Mezelf aan een veranderlijk en sterfelijk mens hechten betekent pijn. Dit is een feit. Ik hecht
mezelf aan mensen die mijn hart beroeren, mijn kinderen, mijn vrouw, mijn vrienden en
vriendinnen, mijn moeder. Ook dit is een feit. De barse, harde pit die het ik is, wordt tussen het
onverbiddelijke van deze beide feiten gemangeld tot een platte, plooibare pannenkoek.
Door de dood van mijn vader ontwaakt uit de droom dat alles blijft zoals het is, heb ik geruime
tijd het vermalen worden tussen bovenstaande feiten uitgesteld, door een van hen te negeren.

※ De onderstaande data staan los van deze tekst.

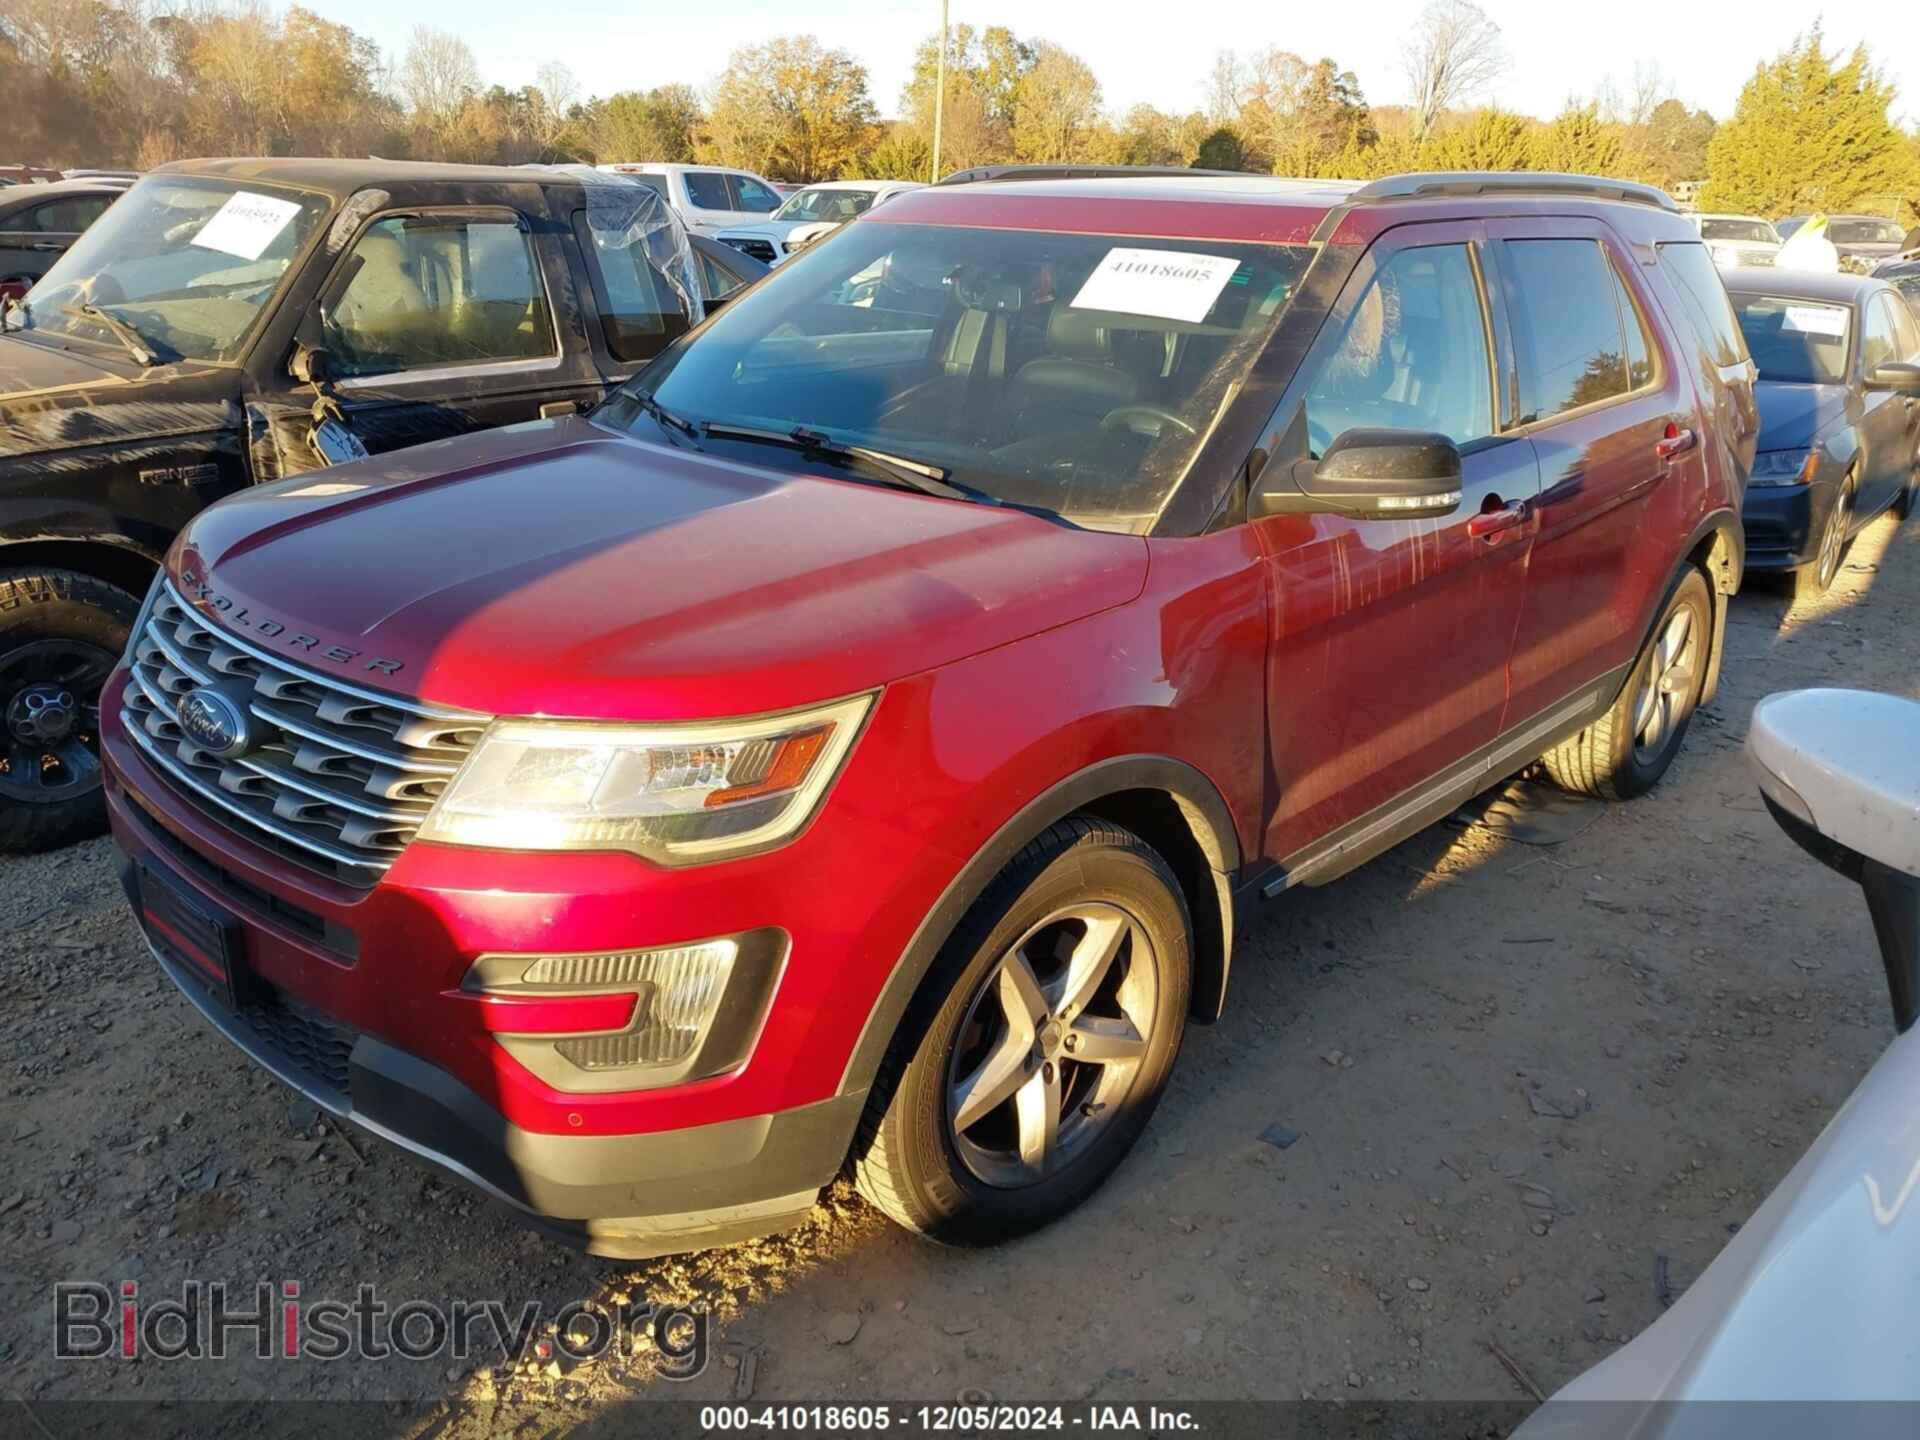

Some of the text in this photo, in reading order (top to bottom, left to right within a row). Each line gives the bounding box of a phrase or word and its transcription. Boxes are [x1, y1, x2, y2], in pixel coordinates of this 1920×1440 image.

De pijn van de vergankelijkheid heb ik aan den lijve ondervonden en ik besloot dit niet nog eens
te ondergaan. Daarbij, zo overwoog ik, waarom zou ik me aan iemand hechten en me al die pijn
en moeite getroosten, als die ander vluchtig is als stuifzand? Zo leidde ik een leven, waarin ik
relaties aanging met mensen, maar me niet werkelijk met iemand verbond. Mijn uitweg uit de
gehechtheid, vond ik in het aangaan van meerdere liefdesrelaties tegelijkertijd, hetgeen mijn
leven hopeloos ingewikkeld maakte, maar wel spannend. En dat vond ik als jonge hond best
mooi. Op deze wijze werkte ik gestaag aan mijn onthechting, terwijl mijn hart in stilte hunkerde
naar een echt verbinden met een mens van vlees en bloed.
Toen ik op mijn zesentwintigste de zoveelste relatie achteloos op de klippen liet lopen en mijn
onthechte leven een steeds eenzamer en leger bestaan werd, besloot ik dan eindelijk mijn
probleem met de vergankelijkheid niet langer te negeren. Ik begon mijn zen weg met een
brandende kwestie: hoe verhoud ik me tot het lijden aan vergankelijkheid? Door in de meditatie
de tijdelijkheid van mijn eigen bestaan en van alles wat ik aanraak en waardoor ik word
aangeraakt, wakker onder ogen te komen, groeide mijn bereidheid om mijn leven te leiden zoals
het is. Een door en door tijdelijk leven, dat kapot gaat aan de pijn van het verlies van die ene,
waaraan ik me met lijf en leden verbonden weet.
Er zit geen ruimte in het me verbinden aan de ander die me beroert. Ik kan me niet half geven.
Ik geef me helemaal, of niet. Daarin is geen compromis mogelijk. Er zit geen ruimte in het lijden
aan het verlies van degene waaraan ik me zielsdiep hecht. Ik ga stuk als een van mijn zoons
iets overkomt en ik verteer als mijn vrouw me ontvalt. Niet een beetje, maar helemaal, en keer
op keer op keer. Ook hierin is geen compromis mogelijk. De vraag is in hoeverre ik mijn leven
en mezelf vertrouw om deze waarachtige onthechting aan te gaan? Hoe vrij ben ik om mezelf
zonder terughouden aan de ene, die me aanraakt, te verbinden? Hoe vrij ben ik om stuk te
gaan aan het lijden als die ene me ontvalt? Die vrijheid, die onthechting die voorbij hechten en
onthechten gaat, heeft alles te maken met vertrouwen.
Dit vertrouwen wordt meer en meer ontsloten, door wakker aanwezig te zijn in het me werkelijk
verbinden en door wakker aanwezig te zijn in de tijdelijkheid van mijn bestaan, en in het lijden
daaraan. Meditatie is een voortreffelijk hulpmiddel. Zit en wees aanwezig in het je verbinden aan
die ene, die je liefhebt. Zit en wees aanwezig in het onophoudelijk oprijzen en vervliegen van
geluiden, visuele waarnemingen, emoties, gedachten, gewaarwordingen. Zit en wees aanwezig
in de pijn van het verlies. Iets in jou draag het. Dit iets noem ik vertrouwen.